The6,7Li ssNMR spectra of cycled cells contain the electrolyte region at 0 ppm and a metallic/dendritic region at 260 ppm (Fig. S3). For quantification the signal at 260 ppm, which includes both the formed dendrites and the partially excited Li-metal electrode surface, was integrated. The Li metal surface area contributing to the signal stays consistent across samples due to the constant RF penetration depth46,47, whereas the changes in the integrated intensity are attributed to the addition of dendrites. The dendrites contribution is quantitative as their low thickness enables their full excitation by the radio frequency pulses.

Sample preparation for MAS-DNP

In the DNP experiments, the PCEs were subjected to cycling at a current density of 0.250 mA/cm2 for approximately 50 h at 30 °C. Subsequently, the cycled PCEs were carefully extracted after opening the battery cell.
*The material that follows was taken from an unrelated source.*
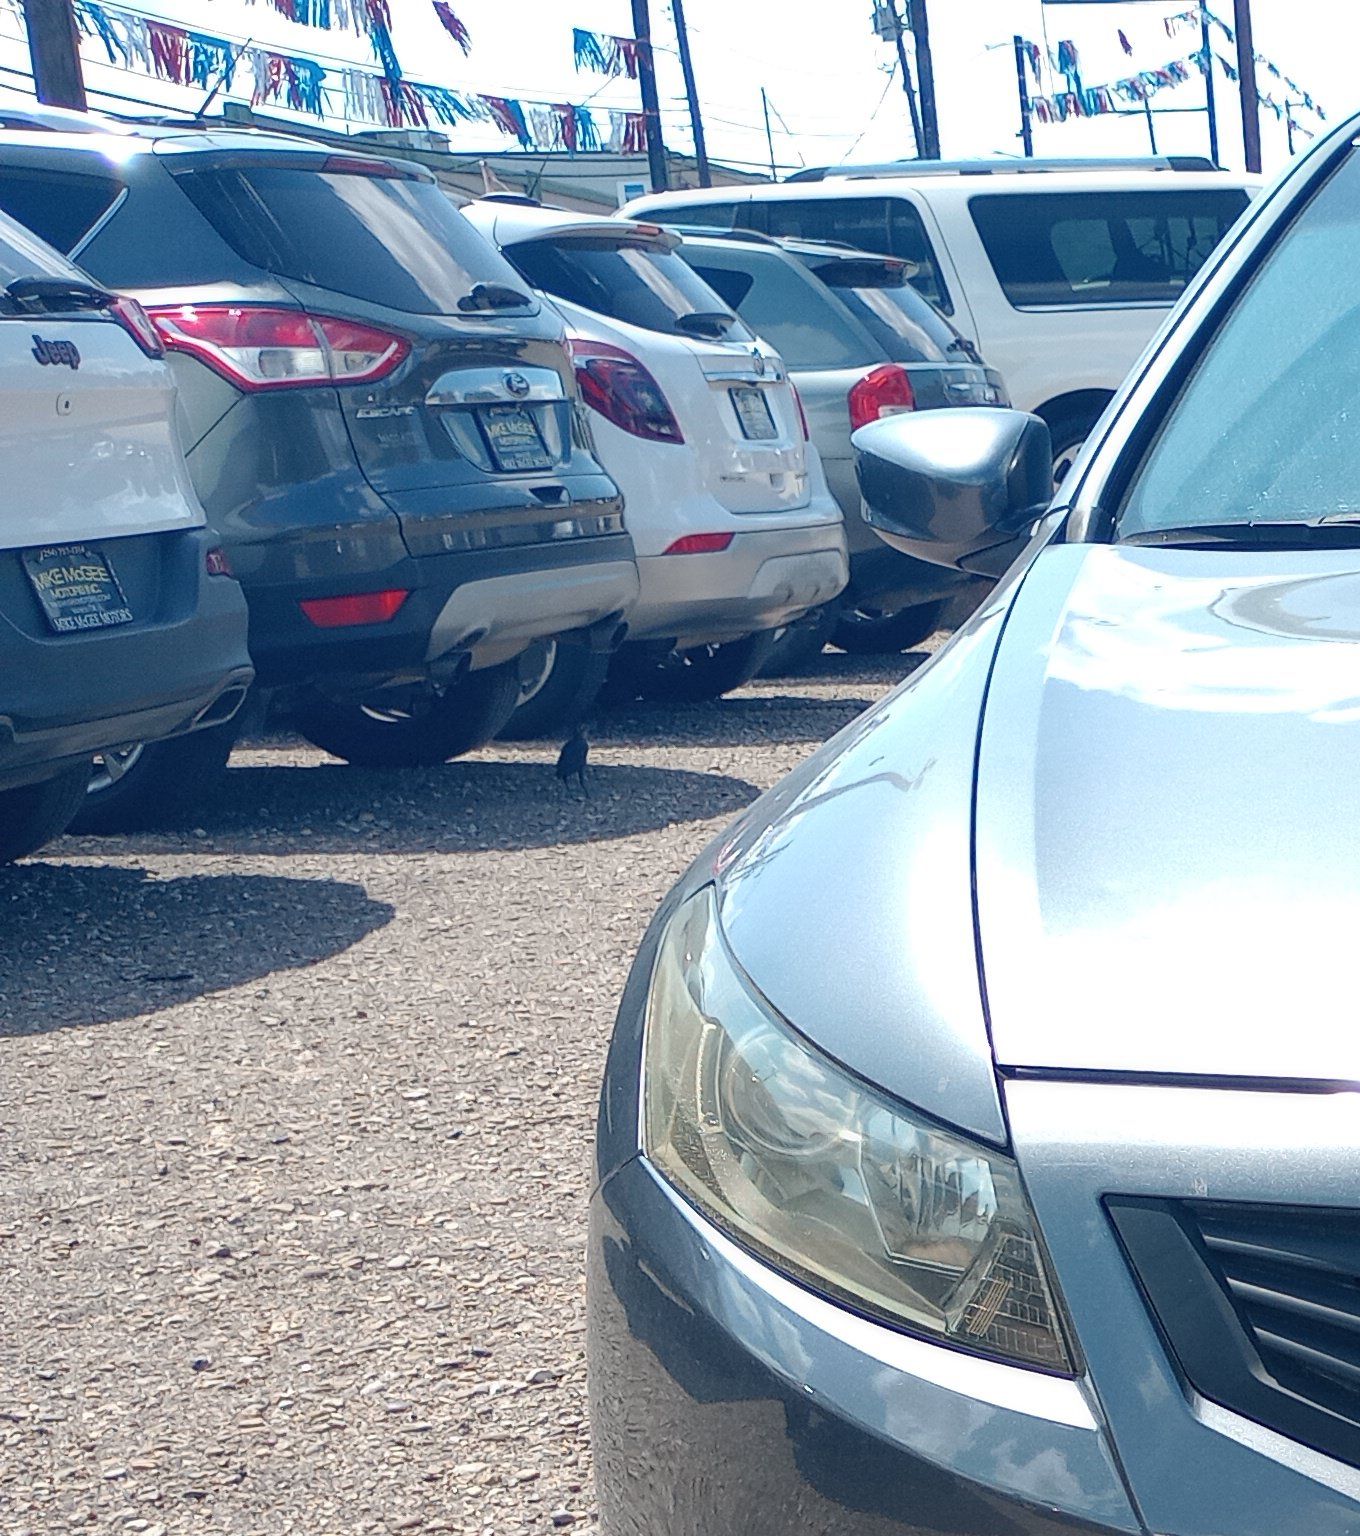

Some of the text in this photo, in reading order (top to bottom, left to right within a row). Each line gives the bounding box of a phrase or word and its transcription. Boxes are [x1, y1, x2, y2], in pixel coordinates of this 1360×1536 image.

[31, 334, 81, 370] Jeep
[356, 405, 415, 419] ESCAPE
[34, 568, 65, 591] MIKE
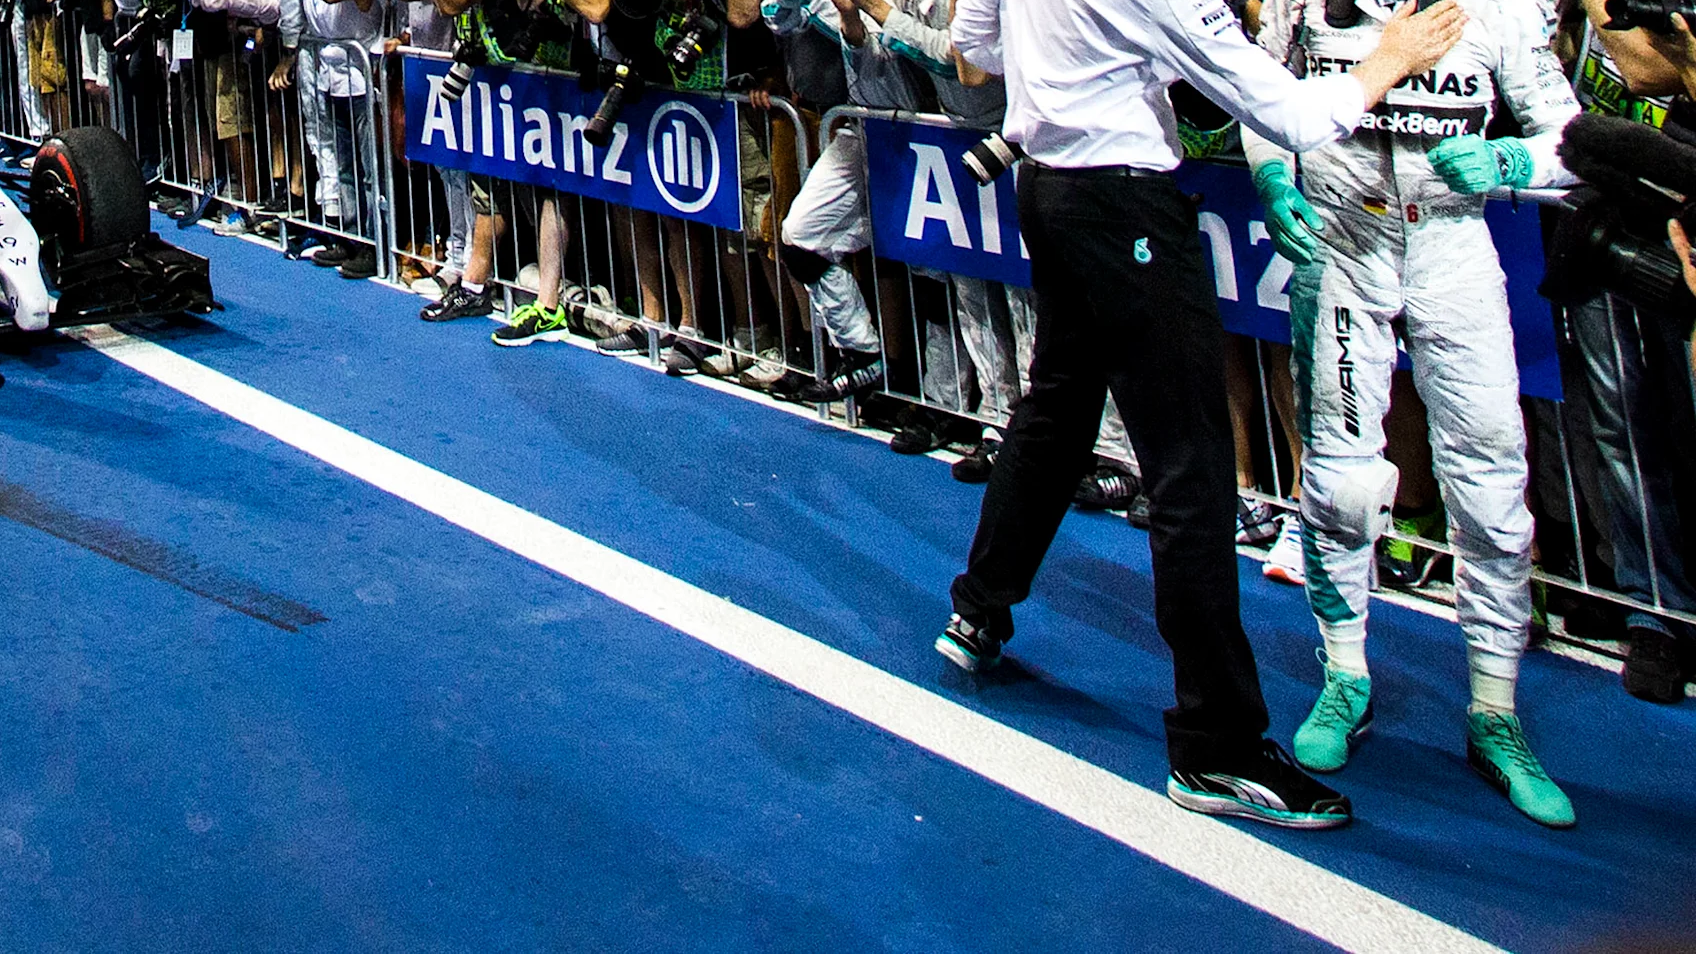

The extracted PCE samples were directly packed in an argon glove box into the sealed 3.2 mm sapphire rotor for further analysis. This resulted in only dendritic lithium microstructures included in the DNP measurements in contrast to the quantification experiments.

Magic angle spinning (MAS) DNP ssNMR measurements

DNP experiments were conducted on a Bruker 9.4 T Avance-Neo spectrometer equipped with a sweep coil and a 263 GHz gyrotron system. For the experiments, 3.2 mm triple and double resonance low-temperature DNP probes were utilized. The experiments were carried out with sample temperature reaching ~98 K and 109 K without and with microwave irradiation, respectively.

The longitudinal relaxation time (T1) and the polarization buildup time with microwave irradiation (Tbu) were determined using a saturation recovery pulse sequence with 40 saturation pulses separated by 0.2 ms delays.1H experiments were acquired using a rotor synchronized Hahn echo sequence.

NMR data processing

All NMR data analysis, deconvolution, and fitting were carried out using Bruker TopSpin and DMfit software58. The deconvolution analysis in DMfit was performed using the Gaussian-Lorentzian model.

SEM analysis

SEM imaging and EDX mapping of the PCEs were conducted on Zeiss-Sigma FESEM instrument. After the cycling process, the samples were transferred to an argon filled airlock box and subsequently swiftly transferred to the SEM holder, minimizing exposure to air.

TEM Analysis

HRTEM and STEM-HAADF EDX studies were performed on Talos F200X G2 model. The TEM grids (Lacey carbon 400 Mesh copper) were placed inside the battery, allowing the PCEs to cycle alongside them. After disassembling the battery, the TEM grids were carefully retrieved and utilized for the subsequent TEM analysis. Here also the samples were carried to the facility using argon filled airlock box and quickly transferred to the instrument with minimal exposure to the air.